Give all of the data again exactly as written, omitting every image.

> _DATA FOR PROCESSING_
☆ ☆ ☆ ☆ ☆
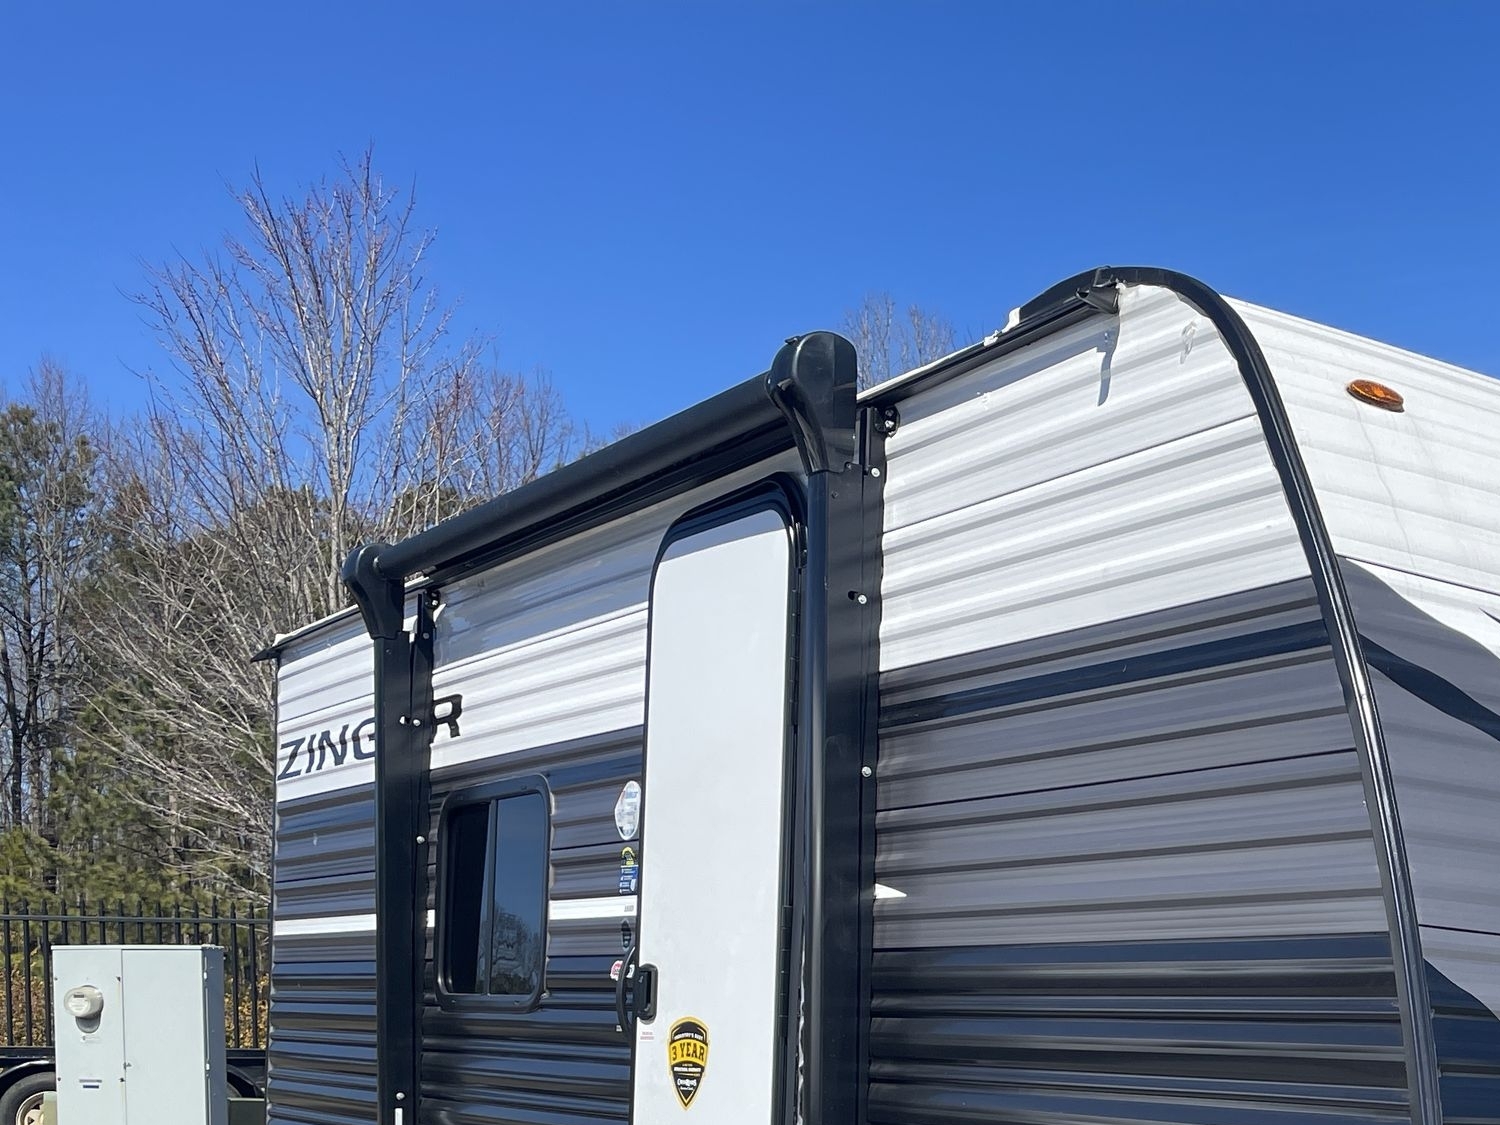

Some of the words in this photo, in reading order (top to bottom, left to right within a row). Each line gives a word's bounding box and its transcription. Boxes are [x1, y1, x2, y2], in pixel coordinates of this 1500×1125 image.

[277, 693, 463, 781] ZINGR
[672, 1046, 678, 1061] 3
[680, 1042, 705, 1061] YEAR
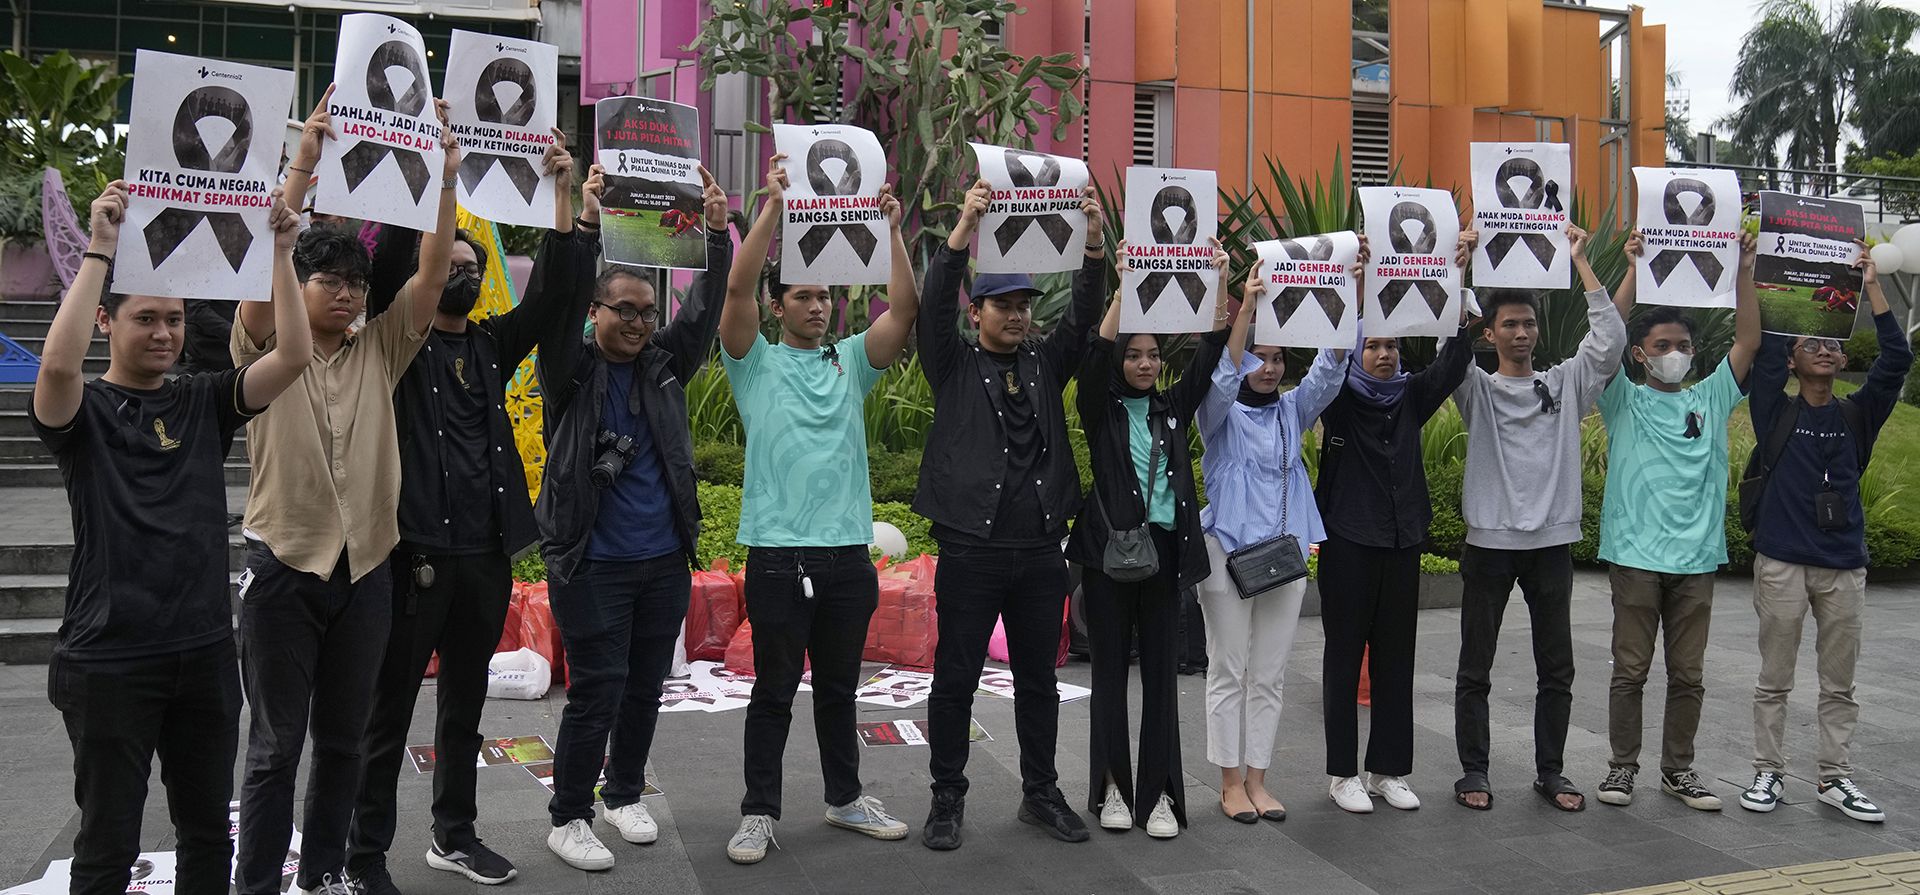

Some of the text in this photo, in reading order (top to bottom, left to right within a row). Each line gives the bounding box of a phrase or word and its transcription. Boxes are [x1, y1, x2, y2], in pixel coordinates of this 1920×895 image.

[211, 70, 242, 80] CentennialZ
[330, 105, 442, 139] DAHLAH, JADI ATLE
[624, 119, 677, 135] AKSI DUKA
[343, 122, 434, 152] LATO-LATO AJA
[447, 123, 554, 144] NAK MUDA DILARANG
[607, 130, 693, 148] 1 JUTA PITA HITAM
[484, 140, 544, 155] KETINGGIAN
[630, 156, 691, 170] UNTUK TIMNAS DAN
[630, 164, 686, 178] PIALA DUNIA U-20
[139, 169, 266, 192] KITA CUMA NEGARA
[128, 184, 272, 208] PENIKMAT SEPAKBOLA
[991, 188, 1080, 200] ADA YANG BATAL
[787, 198, 828, 210] KALAH
[1010, 202, 1047, 213] BUKAN
[789, 211, 837, 223] BANGSA
[1477, 212, 1566, 222] ANAK MUDA DILARANG
[1785, 209, 1838, 224] AKSI DUKA
[1484, 221, 1558, 230] MIMPI KETINGGIAN
[1769, 216, 1855, 235] 1 JUTA PITA HITAM
[1641, 228, 1736, 240] ANAK MUDA DILARANG
[1648, 238, 1727, 249] MIMPI KETINGGIAN
[1789, 240, 1852, 254] UNTUK TIMNAS DAN
[1128, 246, 1214, 257] KALAH MELAWAN
[1788, 247, 1847, 259] PIALA DUNIA U-20
[1128, 258, 1173, 270] BANGSA
[1380, 256, 1446, 266] JADI GENERASI
[1274, 262, 1344, 274] JADI GENERASI
[1377, 268, 1448, 278] REBAHAN (LAGI)
[1272, 274, 1346, 287] REBAHAN (LAGI)
☆ ☆ ☆ ☆ ☆
> _RESPONSE_
Some of the words in this photo, in reading order (top to bottom, left to right within a row). Each line gives a word's bounding box and its transcription. Boxes are [x1, y1, x2, y2], in pixel coordinates of this 1500×1125 image.

[277, 693, 463, 781] ZINGR
[672, 1046, 678, 1061] 3
[680, 1042, 705, 1061] YEAR

Some of the text in this photo, in reading order (top to bottom, left to right within a row). Each line gives the bounding box of a phrase or word and its transcription. Boxes are [x1, y1, x2, y2], in pixel coordinates of this 1920×895 image.

[211, 70, 242, 80] CentennialZ
[330, 105, 442, 139] DAHLAH, JADI ATLE
[624, 119, 677, 135] AKSI DUKA
[343, 122, 434, 152] LATO-LATO AJA
[447, 123, 554, 144] NAK MUDA DILARANG
[607, 130, 693, 148] 1 JUTA PITA HITAM
[484, 140, 544, 155] KETINGGIAN
[630, 156, 691, 170] UNTUK TIMNAS DAN
[630, 164, 686, 178] PIALA DUNIA U-20
[139, 169, 266, 192] KITA CUMA NEGARA
[128, 184, 272, 208] PENIKMAT SEPAKBOLA
[991, 188, 1080, 200] ADA YANG BATAL
[787, 198, 828, 210] KALAH
[1010, 202, 1047, 213] BUKAN
[789, 211, 837, 223] BANGSA
[1477, 212, 1566, 222] ANAK MUDA DILARANG
[1785, 209, 1838, 224] AKSI DUKA
[1484, 221, 1558, 230] MIMPI KETINGGIAN
[1769, 216, 1855, 235] 1 JUTA PITA HITAM
[1641, 228, 1736, 240] ANAK MUDA DILARANG
[1648, 238, 1727, 249] MIMPI KETINGGIAN
[1789, 240, 1852, 254] UNTUK TIMNAS DAN
[1128, 246, 1214, 257] KALAH MELAWAN
[1788, 247, 1847, 259] PIALA DUNIA U-20
[1128, 258, 1173, 270] BANGSA
[1380, 256, 1446, 266] JADI GENERASI
[1274, 262, 1344, 274] JADI GENERASI
[1377, 268, 1448, 278] REBAHAN (LAGI)
[1272, 274, 1346, 287] REBAHAN (LAGI)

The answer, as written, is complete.